春秋左傳事類始末平王、枝如子躬を使わして鄭に聘す(平王使枝如子躬聘于鄭)

楚の平王が善政に努める中、枝如子躬を鄭へ聘問に遣わし犫・櫟の田地返還を図らせたが、使者は用件を果たさぬまま帰国し、王は咎めずに済ませた顛末を描く。

年表(1件)

魯昭公十三年(前529年)

  • 楚の平王は陳・蔡を再興して封じ、遷された邑を復し、恩恵を施し民を寛大に扱い、罪人を赦し、然るべき人材を登用するなど善政に努めていた。
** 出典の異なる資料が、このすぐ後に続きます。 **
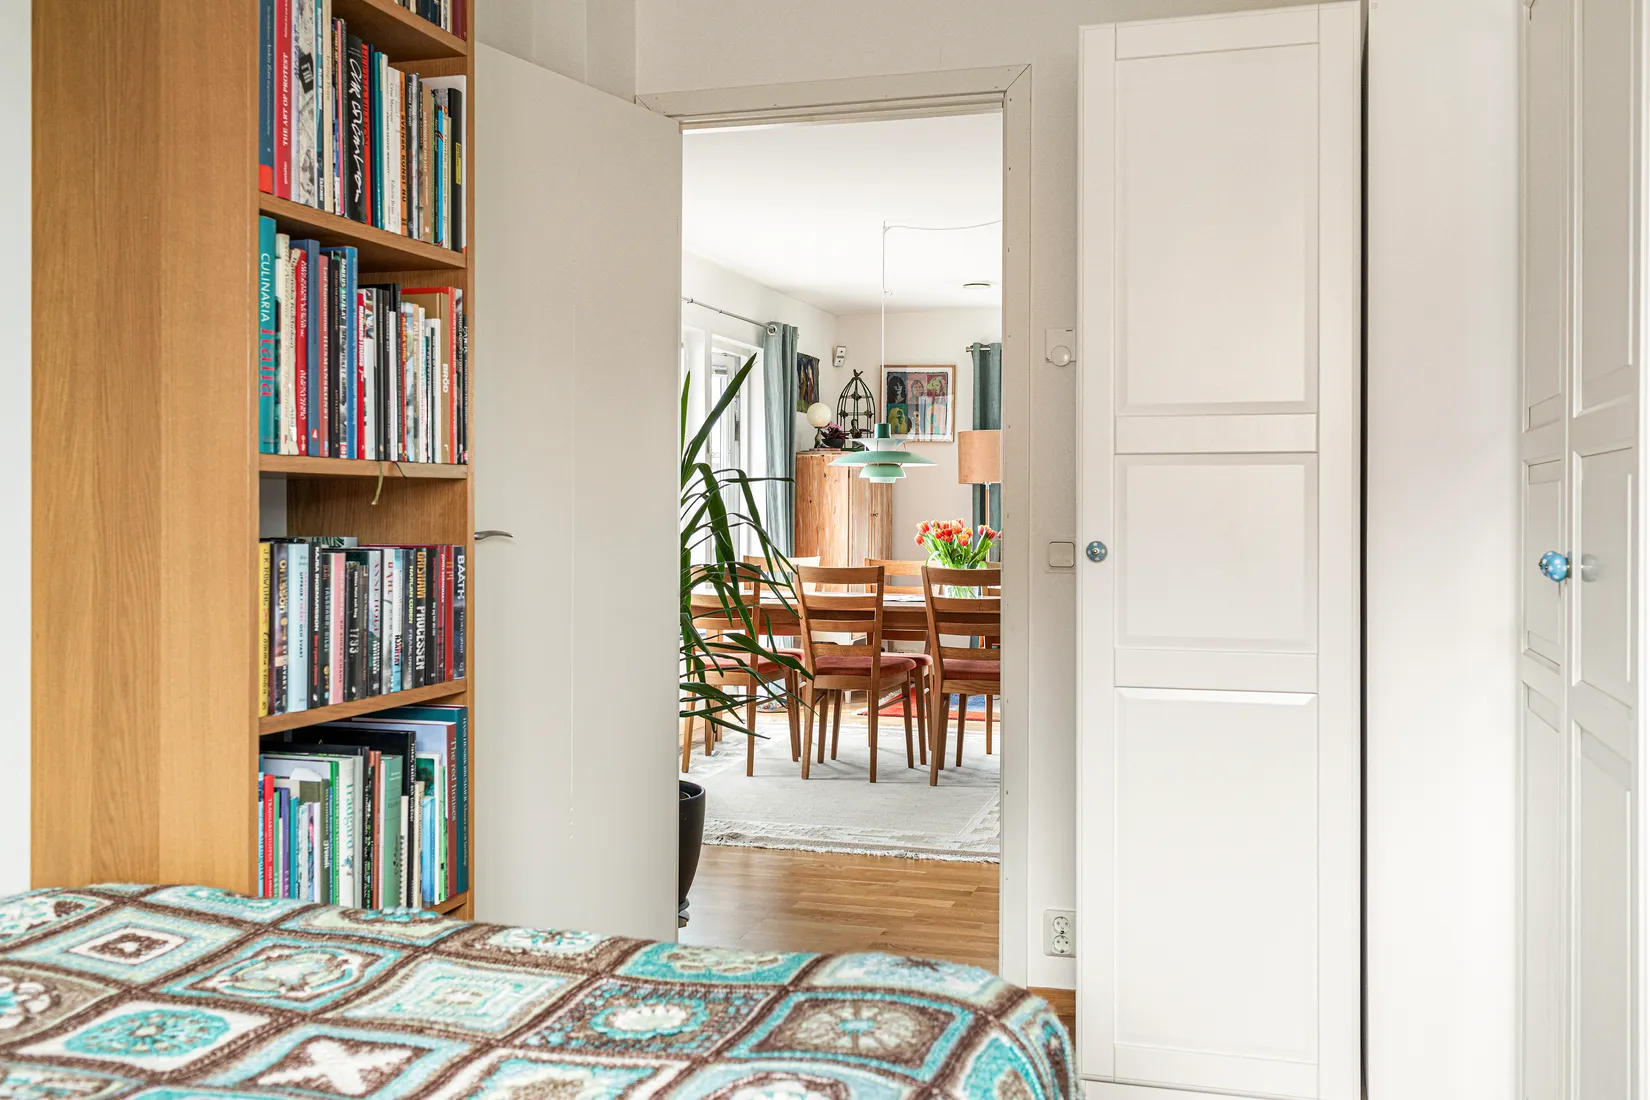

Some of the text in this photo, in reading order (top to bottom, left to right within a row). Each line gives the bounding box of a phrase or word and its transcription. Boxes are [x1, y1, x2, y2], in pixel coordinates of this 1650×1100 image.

[282, 94, 288, 107] OF
[259, 253, 276, 398] CULINARIA Italia
[442, 363, 451, 394] BRÖD
[457, 554, 466, 600] BÅÅTH
[415, 551, 427, 671] GRISHAM PROCESSEN
[348, 627, 360, 654] 1793
枝如子躬を鄭へ聘問の使者として遣わし、あわせて犫・櫟の田地を返還させようとしたが、使者は用件を終えても田地を返還しなかった。
  • 鄭人が「道中で伺ったところでは、王は犫・櫟の地を我が君に授けるとのことでしたが」と尋ねると、子躬は「私はそのような命を受けていない」と答えた。帰国後、王に犫・櫟について問われると、子躬は恐れ入って「私の過ちで命を伝え損ねました、まだ致しておりません」と答えた。王は子躬の手を取り「無理をせずともよい、用があれば改めて伝えよう」と言った。